A vejo de cabelo vermelho, tatuagem no pescoço, símbolo significativo na
perna e olhos serenos, olhando um horizonte que ela não pode contemplar, pela
sua condição de viver à furtiva, na densa e fascinante noite.
E de lá, ela olha pra mim e diz: cacete, te tornaste uma maricas. Parecia
um maldito bicho acuado na esquina. Não foi isso que te ensinei!
E eu, de cabeça baixa, não consiguia responder.
Ela, com os olhos fixos no horizonte, esbraveja: Onde me jogaste esses
anos todos? Queria me ver queimar ao sol ao qual não posso mais sentir? Era
essa a estima que dizias ter por mim?
E o meu argumento era que me acovardei, pensando que vivia numa
verdade.
Ela ria, maldosamente da minha ingenuidade: Eu disse a você, crê no seu
instinto, no seu sentimento, no seu sentido e não na palavra de um idiota
qualquer.
Minhas palavras saiam cortadas de minha garganta, como se a voz tivesse
sufocad, e eu contava que vivia um conflito, do que no fundo sabia e do que
gostaria que fosse, de fingir acreditar.
Ela com o maior escárnio que toda Terra já poderia ter visto me disse:
Claro! O mundo feito de algodão! O mundo que não tem mentiras, traições,
mortes, crueldade. O mundo mágico na bolha estúpida que você sempre quis
viver!
E me indagou: E porque procurou a mim, se nunca iria receber e aceitar
os conselhos que te daria?!? Mas não adianta dizer, quem avisa amigo é,
porque eu nunca fui amiga de ninguém. Já vivi séculos e sei coisas que sua
imaginação não pode alcançar.
E por um instante, uma lágrima rolou de meus olhos.
Ela parou de contemplar o horizonte e com aqueles olhos enegrecidos,
furiosos, olhou fixamente em meus olhos: PÁRA DE SER RIDÍCULA! EU TE AVISEI,
NÃO ADIANTA DEIXAR NENHUMA MALDITA LÁGRIMA DESSA CAIR!
Voltando seus olhos para o horizonte, seu tom de voz voltou a mesma
indiferença: vai perder seu tempo, porque não tenho pena.
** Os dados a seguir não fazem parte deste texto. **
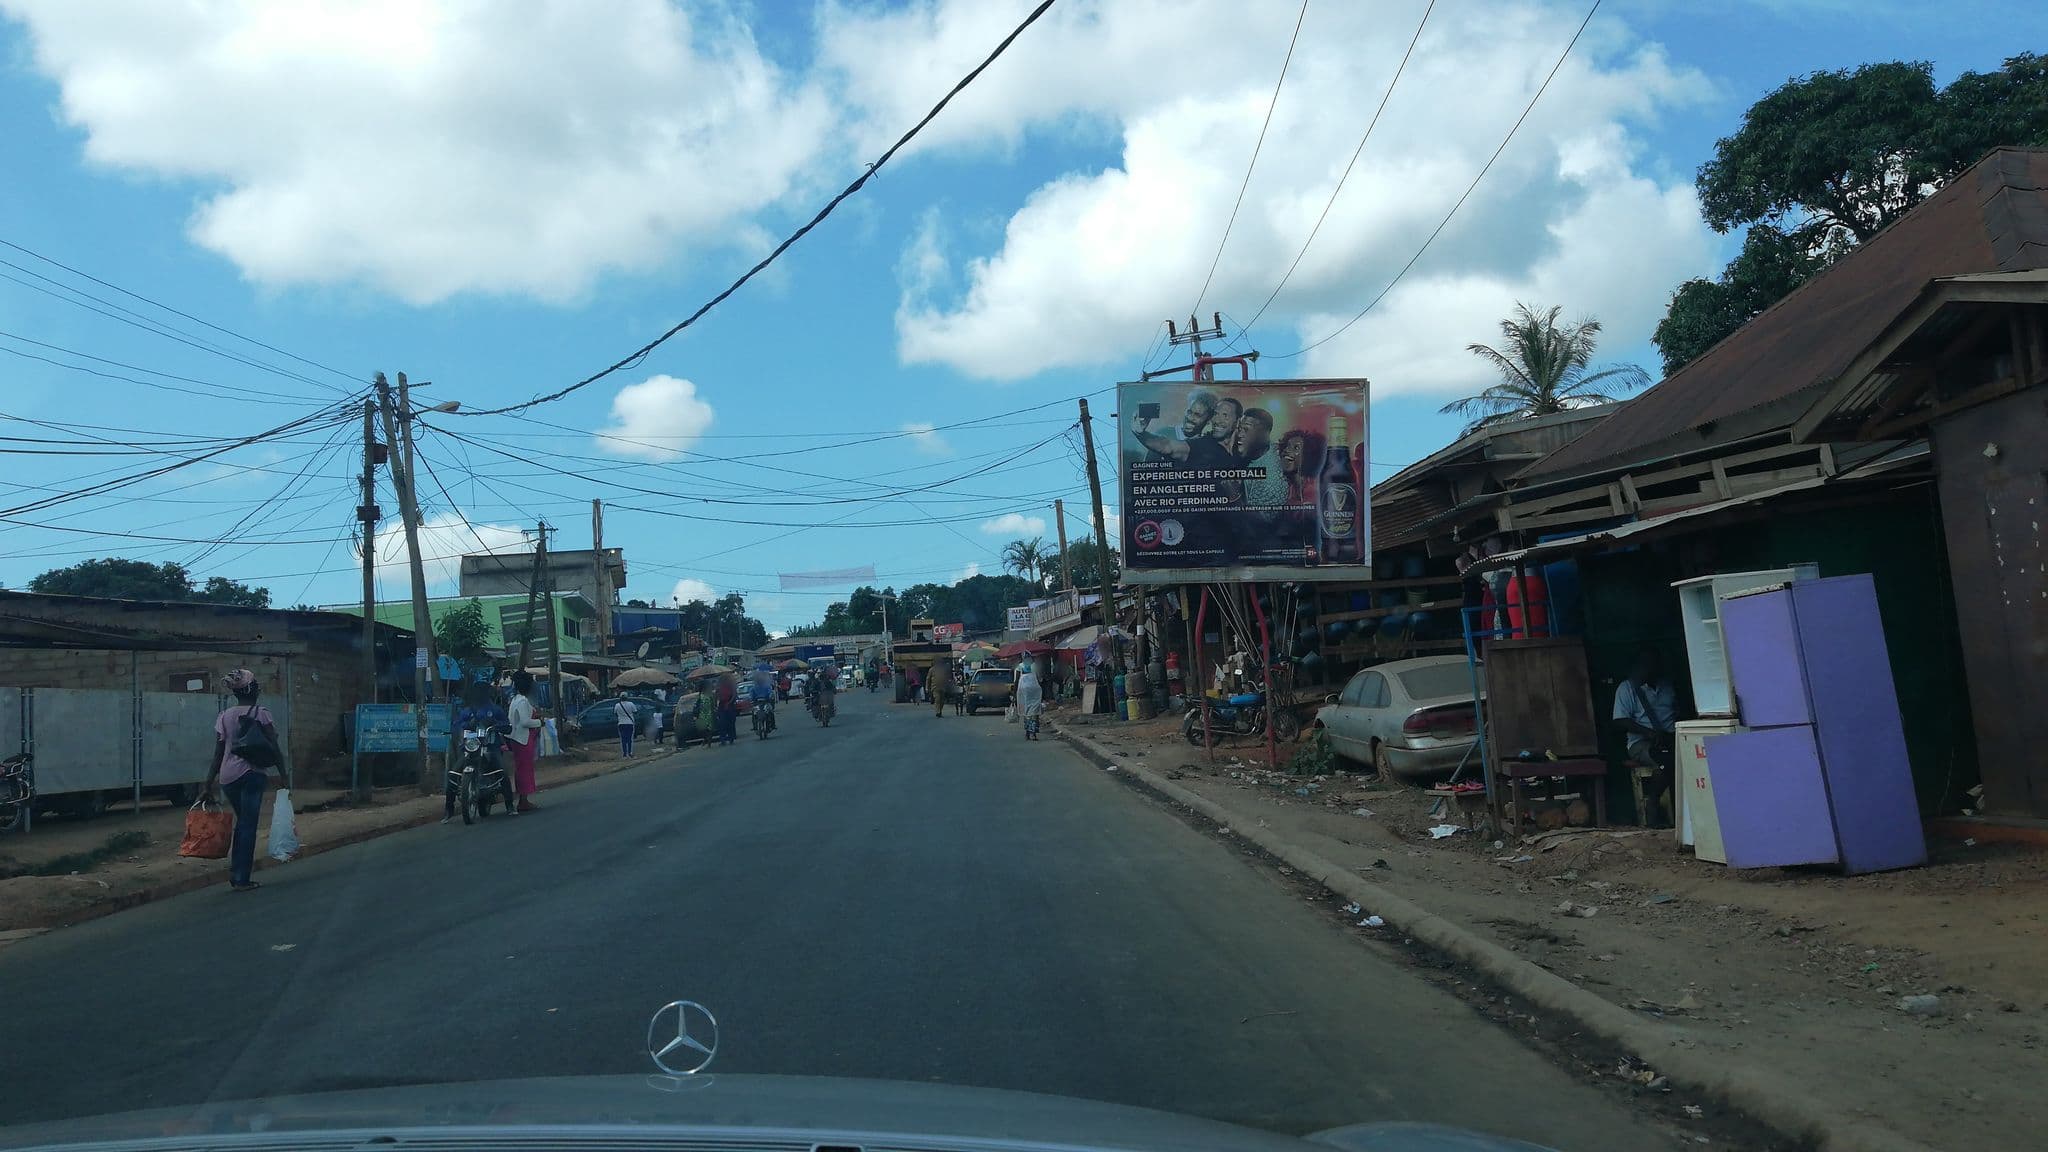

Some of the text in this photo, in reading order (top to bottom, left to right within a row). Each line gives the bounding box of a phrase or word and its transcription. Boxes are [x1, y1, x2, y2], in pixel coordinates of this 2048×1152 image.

[1132, 469, 1266, 481] EXPERIENCE DE FOOTBALL
[1133, 484, 1216, 495] EN ANGLETERRE
[1134, 496, 1229, 507] AVEC RIO FERDINAND
Não tenho dor. Não
tenho medo, de nada.
Fechei meus olhos e lembrei de todos os anos que cultivei ao seu lado,
aprendendo a ser forte, a encarar minhas faltas de frente.
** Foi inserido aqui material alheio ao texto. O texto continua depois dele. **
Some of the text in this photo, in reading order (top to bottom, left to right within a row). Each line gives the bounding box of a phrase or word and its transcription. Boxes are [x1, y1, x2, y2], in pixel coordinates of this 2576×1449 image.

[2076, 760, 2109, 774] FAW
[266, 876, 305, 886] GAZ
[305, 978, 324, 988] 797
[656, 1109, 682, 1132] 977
Por um momento, emudeceu e fechou os olhos. Seus cabelos vermelhos
reluziam um brilho lindo que o começo da noite refletia: Esse é o único momento
que posso ver o sol, no cair da tarde. Esse é o único momento que posso dizer
que recordo o que é sentir e pelo sol, perderia minha eternidade. Ele é a
única coisa verdadeira que existe. Ele e o sentimento que carregas dentro de
ti. Ele e o seu instinto. Eu sei o que pensas. Eu vejo todos os seus
pensamentos.
Enquanto ela piscava lentamente, seu semblate se tornou sereno e um
vento quente batia em seus braços desnudos: Eu não sinto nada. Nem frio, nem
calor, nem fome. E por mais que eu pensasse que um dia enlouqueceria na
solidão, em ouvir sem mesmo querer o pensamento das pessoas, descobri que, a
única coisa que não sei é o que vai acontecer no futuro. Tenho a eternidade
pra não planejar nada.
Você um dia partirá daqui e eu continuarei. Aprenda uma coisa, eu
te verei novamente, como já te vi outras vezes. Porque sou parte de
você. Sou você, mas você não aceita, como nunca aceitou. Sou cruel, fria,
realista. Não tem mundo de algodão, bolha, nada. Eu sou sua essência, sua
parte forte.
Ensino-te todas as vezes que deve confiar em você, nos seus sentimentos
primitivos, na sua segurança, na sua atitude. Que não deve se perguntar, não
deve pensar muito, deve se executar. Mas você tem essa mania estúpida de acreditar na palavra de qualquer
idiota que encontras.
Eu sou a parte de você que sabe o que é amar, o que é sentir. Eu sou a
parte de você que sabe o que é sofrer, o que é morrer. Eu sou a parte de você
que te mantém viva. Mas você me olha, desacreditando que eu sou parte de você, porque você
vê meu rosto pálido, a minha pela branca, os meus olhos negros.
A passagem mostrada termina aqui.